[Exercise]: Output exactly those lines of the data that lie between the line containing "this 1624×1080 image." and the final line, both ends counted.

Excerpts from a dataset
- - - - -

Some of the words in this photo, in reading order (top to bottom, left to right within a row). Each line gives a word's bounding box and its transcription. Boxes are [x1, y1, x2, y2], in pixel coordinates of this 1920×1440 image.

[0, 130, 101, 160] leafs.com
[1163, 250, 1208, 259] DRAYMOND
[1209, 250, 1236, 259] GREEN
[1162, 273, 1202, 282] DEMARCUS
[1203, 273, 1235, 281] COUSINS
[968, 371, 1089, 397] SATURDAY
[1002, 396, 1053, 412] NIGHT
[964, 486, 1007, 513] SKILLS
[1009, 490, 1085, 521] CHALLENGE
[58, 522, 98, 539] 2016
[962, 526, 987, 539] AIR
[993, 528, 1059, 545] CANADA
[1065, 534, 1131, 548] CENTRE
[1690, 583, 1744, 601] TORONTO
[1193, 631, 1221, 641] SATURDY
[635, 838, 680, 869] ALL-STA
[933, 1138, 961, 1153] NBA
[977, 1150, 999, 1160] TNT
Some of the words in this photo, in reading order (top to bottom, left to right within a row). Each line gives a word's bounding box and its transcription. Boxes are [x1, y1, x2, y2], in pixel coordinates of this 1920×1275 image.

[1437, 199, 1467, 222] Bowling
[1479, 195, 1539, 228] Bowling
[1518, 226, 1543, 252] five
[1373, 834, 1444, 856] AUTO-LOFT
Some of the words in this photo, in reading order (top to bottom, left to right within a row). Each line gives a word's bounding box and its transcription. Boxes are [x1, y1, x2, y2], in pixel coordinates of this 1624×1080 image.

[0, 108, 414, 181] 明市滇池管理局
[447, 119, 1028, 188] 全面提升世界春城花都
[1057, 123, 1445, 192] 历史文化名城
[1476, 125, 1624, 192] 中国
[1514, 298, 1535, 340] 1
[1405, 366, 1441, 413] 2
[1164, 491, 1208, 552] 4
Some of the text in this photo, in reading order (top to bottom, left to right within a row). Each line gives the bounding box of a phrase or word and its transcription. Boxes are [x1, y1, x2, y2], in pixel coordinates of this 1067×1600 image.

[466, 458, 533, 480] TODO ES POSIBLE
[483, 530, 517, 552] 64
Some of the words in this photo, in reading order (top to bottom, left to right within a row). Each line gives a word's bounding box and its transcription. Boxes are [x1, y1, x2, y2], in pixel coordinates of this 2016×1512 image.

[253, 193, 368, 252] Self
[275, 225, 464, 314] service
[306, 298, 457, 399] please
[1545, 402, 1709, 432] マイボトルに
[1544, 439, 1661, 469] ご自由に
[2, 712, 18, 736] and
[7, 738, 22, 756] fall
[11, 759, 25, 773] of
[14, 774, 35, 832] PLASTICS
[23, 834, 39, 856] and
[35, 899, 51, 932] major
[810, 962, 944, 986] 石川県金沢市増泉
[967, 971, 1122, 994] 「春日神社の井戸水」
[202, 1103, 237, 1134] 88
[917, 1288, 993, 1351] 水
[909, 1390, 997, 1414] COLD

- - - - -

[Task solution]:
Some of the words in this photo, in reading order (top to bottom, left to right within a row). Each line gives a word's bounding box and its transcription. Boxes are [x1, y1, x2, y2], in pixel coordinates of this 1624×1080 image.

[0, 108, 414, 181] 明市滇池管理局
[447, 119, 1028, 188] 全面提升世界春城花都
[1057, 123, 1445, 192] 历史文化名城
[1476, 125, 1624, 192] 中国
[1514, 298, 1535, 340] 1
[1405, 366, 1441, 413] 2
[1164, 491, 1208, 552] 4
Some of the text in this photo, in reading order (top to bottom, left to right within a row). Each line gives the bounding box of a phrase or word and its transcription. Boxes are [x1, y1, x2, y2], in pixel coordinates of this 1067×1600 image.

[466, 458, 533, 480] TODO ES POSIBLE
[483, 530, 517, 552] 64
Some of the words in this photo, in reading order (top to bottom, left to right within a row). Each line gives a word's bounding box and its transcription. Boxes are [x1, y1, x2, y2], in pixel coordinates of this 2016×1512 image.

[253, 193, 368, 252] Self
[275, 225, 464, 314] service
[306, 298, 457, 399] please
[1545, 402, 1709, 432] マイボトルに
[1544, 439, 1661, 469] ご自由に
[2, 712, 18, 736] and
[7, 738, 22, 756] fall
[11, 759, 25, 773] of
[14, 774, 35, 832] PLASTICS
[23, 834, 39, 856] and
[35, 899, 51, 932] major
[810, 962, 944, 986] 石川県金沢市増泉
[967, 971, 1122, 994] 「春日神社の井戸水」
[202, 1103, 237, 1134] 88
[917, 1288, 993, 1351] 水
[909, 1390, 997, 1414] COLD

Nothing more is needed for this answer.